The most recent example of this curious phenomenon is a thoughtful and very moving email from my older son, Patrick, in response to my cry of despair in the post entitled Night Thoughts.  With his permission, I reproduce it here.

“Your Monday post, “Night Thoughts,” touched me, and I wanted to share three thoughts with you about it.

  1. As you well know, there is no such thing as the inherently legitimate state. The state can do the right thing, it can act for the greatest good, or it can behave in any other way as assessed by autonomous moral agents. But there is no form of state action or decision-making that arrogates to it the authoritative right to do X simply by nature of its being. Nor is there even any way for the state to channel the “will of the people,” since there is no such thing. (See Condorcet, Arrow, etc.) And to make things even worse, given the fundamental difference between judging “ought” versus “is” in the world, it is inevitable that reasonable, informed people (put aside for now all the unreasonable, uninformed people) can and will disagree all the time about what ought to be done. Yet, we all have to find a way to live together. Anarchism may be a useful intellectual endeavor, but anarchy is no way to live! The political life is therefore both absolutely necessary and inherently frustrating. There is not and never will be such a thing as a utopia. We will always have profound, difficult disagreements: that is the tragic fact about politics.

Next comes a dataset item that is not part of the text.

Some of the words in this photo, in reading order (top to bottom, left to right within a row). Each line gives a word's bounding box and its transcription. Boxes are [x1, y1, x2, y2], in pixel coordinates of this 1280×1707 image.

  1. There is a saying that “democracy is the worst form of government except for all the others.” I think this misses the point. Over short periods of time (where “short” can be an entire adult lifetime) various kinds of enlightened tyrannies can be significantly better in the outcomes it produces for the people. But eventually, power passes to the fool, the knave, or worse. When that happens, we must have strong institutions, protected rights and freedoms, and limitations on power. The strength of democracy is not that it produces the best outcomes for the people: rather, its strength is that it allows the people to survive the worst outcomes. Donald J. Trump is the poster child. I’m sure we could imagine a worse leader – although I hope we don’t ever test this hypothesis during my children’s lifetime! – but he is plenty bad. In Russia he might be Putin; in Argentina he might be Peron; in China he might be Mao. But in America we still have free elections, he is highly unpopular even during the height of the current economic cycle, and already the political tide appears to be turning. I say this not to be complacent in any way, but to reassure you that while our current president is certainly doing plenty of damage, our country’s guardrails are holding up.

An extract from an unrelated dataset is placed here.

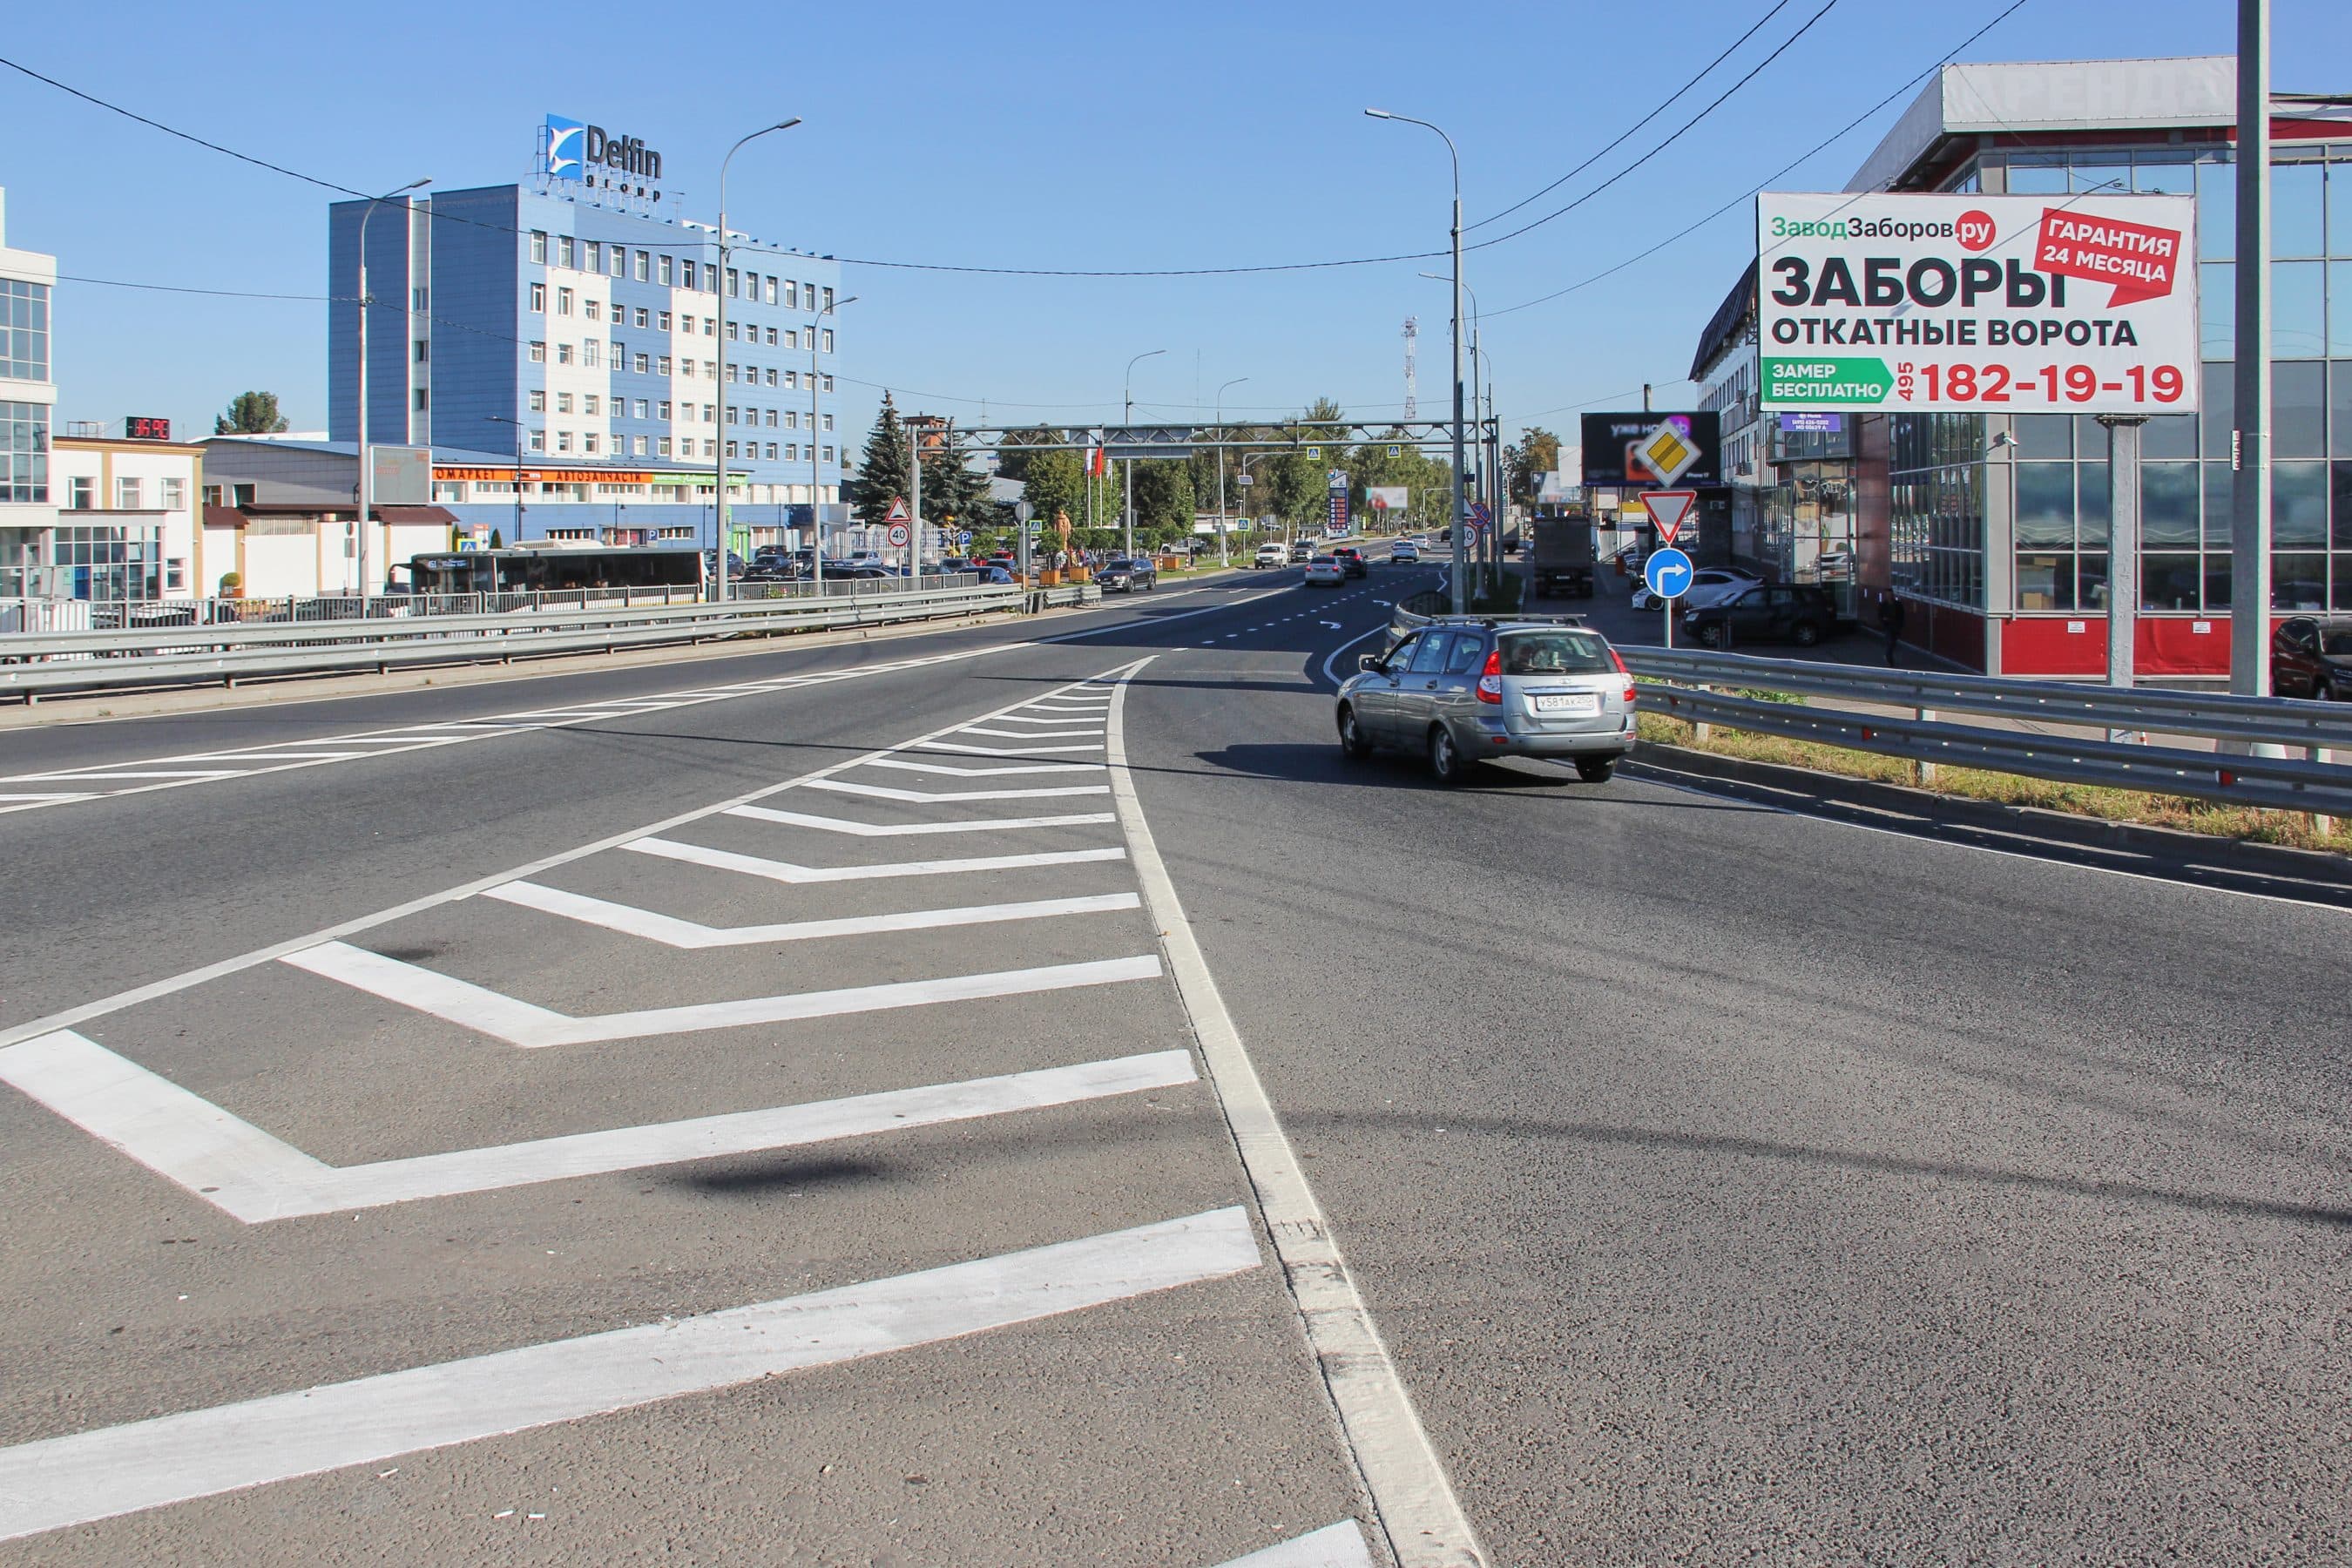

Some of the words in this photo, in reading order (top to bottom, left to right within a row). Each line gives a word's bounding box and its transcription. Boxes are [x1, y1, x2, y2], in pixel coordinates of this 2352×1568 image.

  1. If you “have been sustained all these years by the belief that if only the people could be brought to see the truth, they would throw off their chains and seize liberation,” then you have been guided by too narrow a view of history. There is no single moment where the arc of human progress reaches its conclusion. The road bends and winds forever and ever, and even a single, long lifetime is not enough to know where it leads. Consider if you had been born in 1776. You would have grown up hearing stories of the Revolution. You would have come of age during the Constitutional Convention, and the first President you would have known would have been George Washington. Then, your adult lifetime would have seen both the rapid expansion of the American promise, and the systematic betrayal of its ideals. You would have railed against slavery and the annihilation of the Native Americans – both to no avail. You would have seen the degradation of American politics, to the point that the abolitionist Senator Charles Sumner was beaten nearly to the point of murder by the slave-owning Representative Preston Brooks. At the age of 84, you would be rightfully bemoaning the unraveling of the Union and the imminent Civil War, which would turn out to be far worse than you could have imagined. And yet, the road continued past that dark time and reached new heights that could not have been imagined at the time. We do not choose the age in which we live, and we do not know how our history will eventually be written. All we can do is continue to live it.

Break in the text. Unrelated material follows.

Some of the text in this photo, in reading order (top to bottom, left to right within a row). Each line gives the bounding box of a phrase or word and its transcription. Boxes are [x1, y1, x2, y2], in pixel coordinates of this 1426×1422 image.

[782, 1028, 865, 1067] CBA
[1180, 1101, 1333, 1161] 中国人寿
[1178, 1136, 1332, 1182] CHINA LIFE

Do not despair. It was never that good, and it will be eventually be much better. And then it will be worse again, and then it will be better, and on and on.” 


David Palmeter said...

This is a wonderful piece reasoning. Please thank your son for giving me (and I suspect others) some needed perspective.

MS said...

Your son’s words are wise, insightful and eloquently written.

It is difficult to imagine being a thoughtful, rational and compassionate person and living through the many historical horrors that other thoughtful, rational and compassionate people have had to endure. It is one thing to read dispassionately, amidst the comforts of one’s home, next to a fireplace, a glass of sherry or bottle of beer in hand, about the injustices and atrocities of the Roman empire, the civil war between the Roundheads and the Royalists, the French revolution and the Reign of Terror, the American civil war, etc., etc. It is another thing to actually live amidst the turmoil of one’s own historical age. And yet, as your son notes, current times in the U.S. are not as harrowing as what others have had to experience in other times and other places. Descartes served in the Dutch States army. Hobbes and Locke witnessed their share of inhumanity, and it informed their philosophies. Oliver Wendell Holmes fought for the North in the Civil War, and the experience seared him and helped formulate his judicial philosophy. And Wittgenstein was a soldier in WWI. They survived their ordeals, and we will ours – hopefully. And perhaps things are getting better. Despite the physical harm that professional football causes its participants, is it not an improvement, both in terms of its effects on the players and the psychological effect on the spectators, over watching, and cheering on, the participants in gladiatorial combat as they hack each to death? A small improvement, perhaps, but an improvement nonetheless.

s. wallerstein said...

Here is short (15 minutes) podcast with Philosopher Michael Lynch (University of Connecticut) about intellectual arrogance, a defect almost all of us, including myself, suffer from at times.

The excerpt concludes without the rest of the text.